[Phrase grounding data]
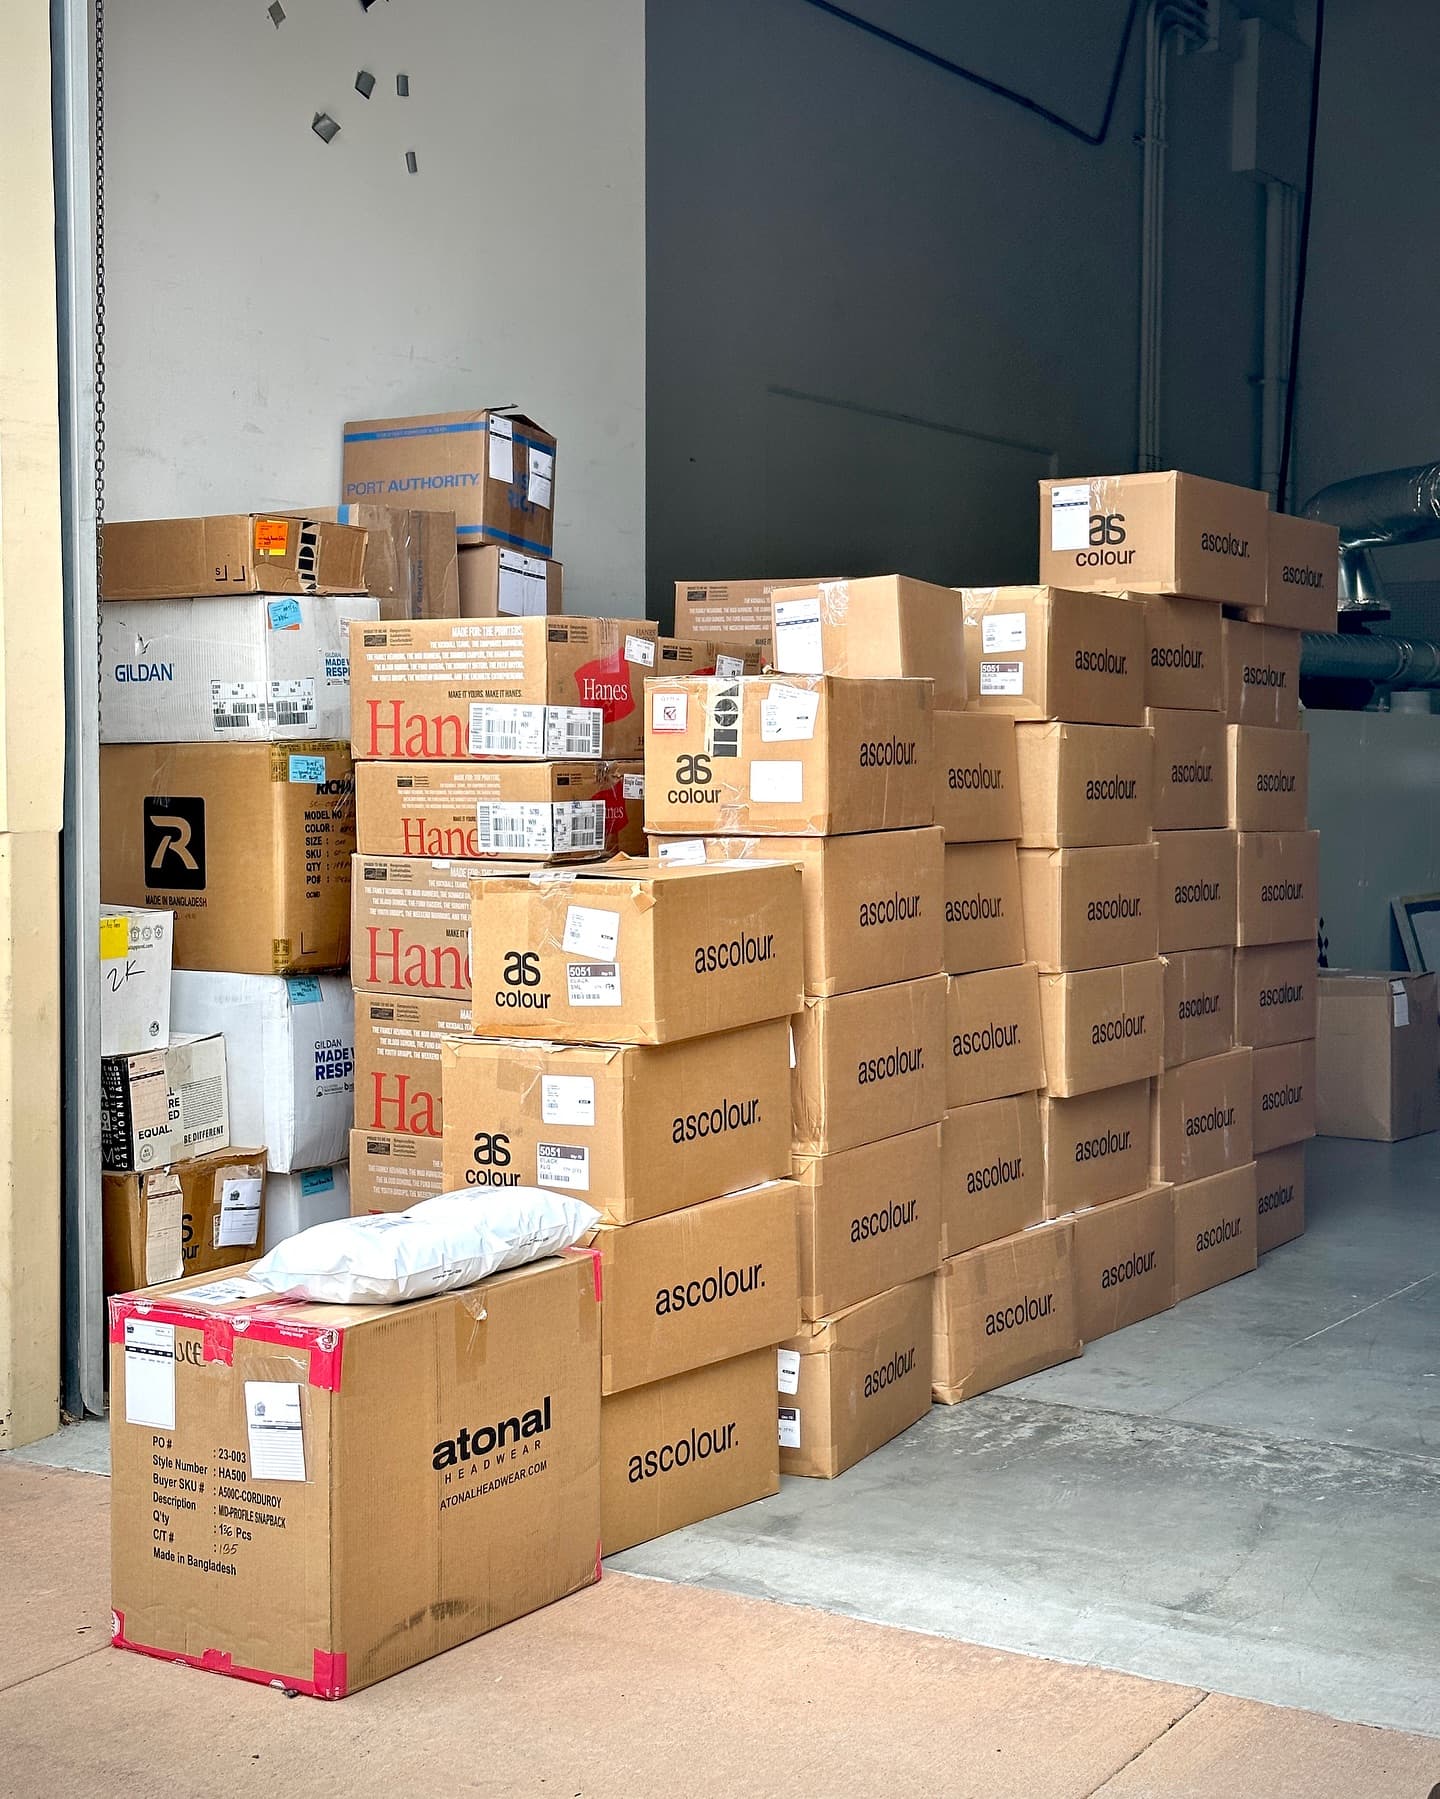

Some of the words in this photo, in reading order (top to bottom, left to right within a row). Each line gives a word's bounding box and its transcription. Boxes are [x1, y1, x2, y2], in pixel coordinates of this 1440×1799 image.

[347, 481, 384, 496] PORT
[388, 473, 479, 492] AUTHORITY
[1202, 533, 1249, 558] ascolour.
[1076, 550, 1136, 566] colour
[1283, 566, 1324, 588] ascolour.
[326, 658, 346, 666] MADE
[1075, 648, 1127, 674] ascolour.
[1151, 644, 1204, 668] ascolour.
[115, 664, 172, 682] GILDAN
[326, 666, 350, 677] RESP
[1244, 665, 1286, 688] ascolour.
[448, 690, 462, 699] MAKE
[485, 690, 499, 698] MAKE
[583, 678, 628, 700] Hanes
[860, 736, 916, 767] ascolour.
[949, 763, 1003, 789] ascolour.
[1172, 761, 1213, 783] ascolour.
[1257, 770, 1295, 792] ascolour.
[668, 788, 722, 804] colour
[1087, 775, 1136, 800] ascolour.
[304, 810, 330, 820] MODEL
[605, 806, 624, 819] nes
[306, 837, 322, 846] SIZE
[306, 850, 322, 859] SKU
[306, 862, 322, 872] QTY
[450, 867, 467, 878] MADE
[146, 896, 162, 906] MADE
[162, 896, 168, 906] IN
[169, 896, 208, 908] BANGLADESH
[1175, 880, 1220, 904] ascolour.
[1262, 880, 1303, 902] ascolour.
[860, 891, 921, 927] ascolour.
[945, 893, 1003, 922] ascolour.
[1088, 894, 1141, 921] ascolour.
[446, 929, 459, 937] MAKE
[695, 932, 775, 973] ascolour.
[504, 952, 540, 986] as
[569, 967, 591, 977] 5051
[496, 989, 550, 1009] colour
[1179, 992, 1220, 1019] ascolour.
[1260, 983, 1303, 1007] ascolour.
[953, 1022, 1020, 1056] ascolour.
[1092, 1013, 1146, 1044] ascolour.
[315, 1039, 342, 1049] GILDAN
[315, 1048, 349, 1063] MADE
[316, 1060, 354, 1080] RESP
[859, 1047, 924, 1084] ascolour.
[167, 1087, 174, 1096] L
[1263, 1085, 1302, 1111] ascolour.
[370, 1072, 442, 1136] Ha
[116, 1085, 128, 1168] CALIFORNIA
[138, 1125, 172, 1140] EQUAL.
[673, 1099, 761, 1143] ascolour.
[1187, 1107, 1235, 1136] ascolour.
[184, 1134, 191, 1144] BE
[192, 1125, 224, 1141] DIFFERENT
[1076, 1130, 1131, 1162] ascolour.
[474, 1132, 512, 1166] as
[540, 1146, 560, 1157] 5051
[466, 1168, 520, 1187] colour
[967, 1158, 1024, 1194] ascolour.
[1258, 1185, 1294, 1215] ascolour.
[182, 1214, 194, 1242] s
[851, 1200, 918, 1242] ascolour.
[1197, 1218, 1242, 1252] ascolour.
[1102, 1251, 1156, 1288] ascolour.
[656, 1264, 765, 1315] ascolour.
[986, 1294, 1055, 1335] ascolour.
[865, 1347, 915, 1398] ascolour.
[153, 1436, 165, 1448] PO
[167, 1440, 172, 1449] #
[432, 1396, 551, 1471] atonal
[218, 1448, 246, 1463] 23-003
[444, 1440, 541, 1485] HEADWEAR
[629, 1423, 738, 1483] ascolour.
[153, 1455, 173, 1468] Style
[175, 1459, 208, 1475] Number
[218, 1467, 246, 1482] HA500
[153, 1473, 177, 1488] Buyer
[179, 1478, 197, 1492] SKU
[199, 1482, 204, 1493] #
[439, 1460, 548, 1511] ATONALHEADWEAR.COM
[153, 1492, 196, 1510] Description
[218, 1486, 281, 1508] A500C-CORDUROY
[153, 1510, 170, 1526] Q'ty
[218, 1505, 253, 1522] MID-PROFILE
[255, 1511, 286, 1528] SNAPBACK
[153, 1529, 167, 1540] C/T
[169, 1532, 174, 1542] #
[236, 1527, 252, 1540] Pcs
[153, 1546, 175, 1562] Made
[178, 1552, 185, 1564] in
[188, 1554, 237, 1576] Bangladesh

Assigned task — The copy must reproduce every entry exactly while excluding all pictures.

Exercise output —
Some of the words in this photo, in reading order (top to bottom, left to right within a row). Each line gives a word's bounding box and its transcription. Boxes are [x1, y1, x2, y2], in pixel coordinates of this 1440×1799 image.

[347, 481, 384, 496] PORT
[388, 473, 479, 492] AUTHORITY
[1202, 533, 1249, 558] ascolour.
[1076, 550, 1136, 566] colour
[1283, 566, 1324, 588] ascolour.
[326, 658, 346, 666] MADE
[1075, 648, 1127, 674] ascolour.
[1151, 644, 1204, 668] ascolour.
[115, 664, 172, 682] GILDAN
[326, 666, 350, 677] RESP
[1244, 665, 1286, 688] ascolour.
[448, 690, 462, 699] MAKE
[485, 690, 499, 698] MAKE
[583, 678, 628, 700] Hanes
[860, 736, 916, 767] ascolour.
[949, 763, 1003, 789] ascolour.
[1172, 761, 1213, 783] ascolour.
[1257, 770, 1295, 792] ascolour.
[668, 788, 722, 804] colour
[1087, 775, 1136, 800] ascolour.
[304, 810, 330, 820] MODEL
[605, 806, 624, 819] nes
[306, 837, 322, 846] SIZE
[306, 850, 322, 859] SKU
[306, 862, 322, 872] QTY
[450, 867, 467, 878] MADE
[146, 896, 162, 906] MADE
[162, 896, 168, 906] IN
[169, 896, 208, 908] BANGLADESH
[1175, 880, 1220, 904] ascolour.
[1262, 880, 1303, 902] ascolour.
[860, 891, 921, 927] ascolour.
[945, 893, 1003, 922] ascolour.
[1088, 894, 1141, 921] ascolour.
[446, 929, 459, 937] MAKE
[695, 932, 775, 973] ascolour.
[504, 952, 540, 986] as
[569, 967, 591, 977] 5051
[496, 989, 550, 1009] colour
[1179, 992, 1220, 1019] ascolour.
[1260, 983, 1303, 1007] ascolour.
[953, 1022, 1020, 1056] ascolour.
[1092, 1013, 1146, 1044] ascolour.
[315, 1039, 342, 1049] GILDAN
[315, 1048, 349, 1063] MADE
[316, 1060, 354, 1080] RESP
[859, 1047, 924, 1084] ascolour.
[167, 1087, 174, 1096] L
[1263, 1085, 1302, 1111] ascolour.
[370, 1072, 442, 1136] Ha
[116, 1085, 128, 1168] CALIFORNIA
[138, 1125, 172, 1140] EQUAL.
[673, 1099, 761, 1143] ascolour.
[1187, 1107, 1235, 1136] ascolour.
[184, 1134, 191, 1144] BE
[192, 1125, 224, 1141] DIFFERENT
[1076, 1130, 1131, 1162] ascolour.
[474, 1132, 512, 1166] as
[540, 1146, 560, 1157] 5051
[466, 1168, 520, 1187] colour
[967, 1158, 1024, 1194] ascolour.
[1258, 1185, 1294, 1215] ascolour.
[182, 1214, 194, 1242] s
[851, 1200, 918, 1242] ascolour.
[1197, 1218, 1242, 1252] ascolour.
[1102, 1251, 1156, 1288] ascolour.
[656, 1264, 765, 1315] ascolour.
[986, 1294, 1055, 1335] ascolour.
[865, 1347, 915, 1398] ascolour.
[153, 1436, 165, 1448] PO
[167, 1440, 172, 1449] #
[432, 1396, 551, 1471] atonal
[218, 1448, 246, 1463] 23-003
[444, 1440, 541, 1485] HEADWEAR
[629, 1423, 738, 1483] ascolour.
[153, 1455, 173, 1468] Style
[175, 1459, 208, 1475] Number
[218, 1467, 246, 1482] HA500
[153, 1473, 177, 1488] Buyer
[179, 1478, 197, 1492] SKU
[199, 1482, 204, 1493] #
[439, 1460, 548, 1511] ATONALHEADWEAR.COM
[153, 1492, 196, 1510] Description
[218, 1486, 281, 1508] A500C-CORDUROY
[153, 1510, 170, 1526] Q'ty
[218, 1505, 253, 1522] MID-PROFILE
[255, 1511, 286, 1528] SNAPBACK
[153, 1529, 167, 1540] C/T
[169, 1532, 174, 1542] #
[236, 1527, 252, 1540] Pcs
[153, 1546, 175, 1562] Made
[178, 1552, 185, 1564] in
[188, 1554, 237, 1576] Bangladesh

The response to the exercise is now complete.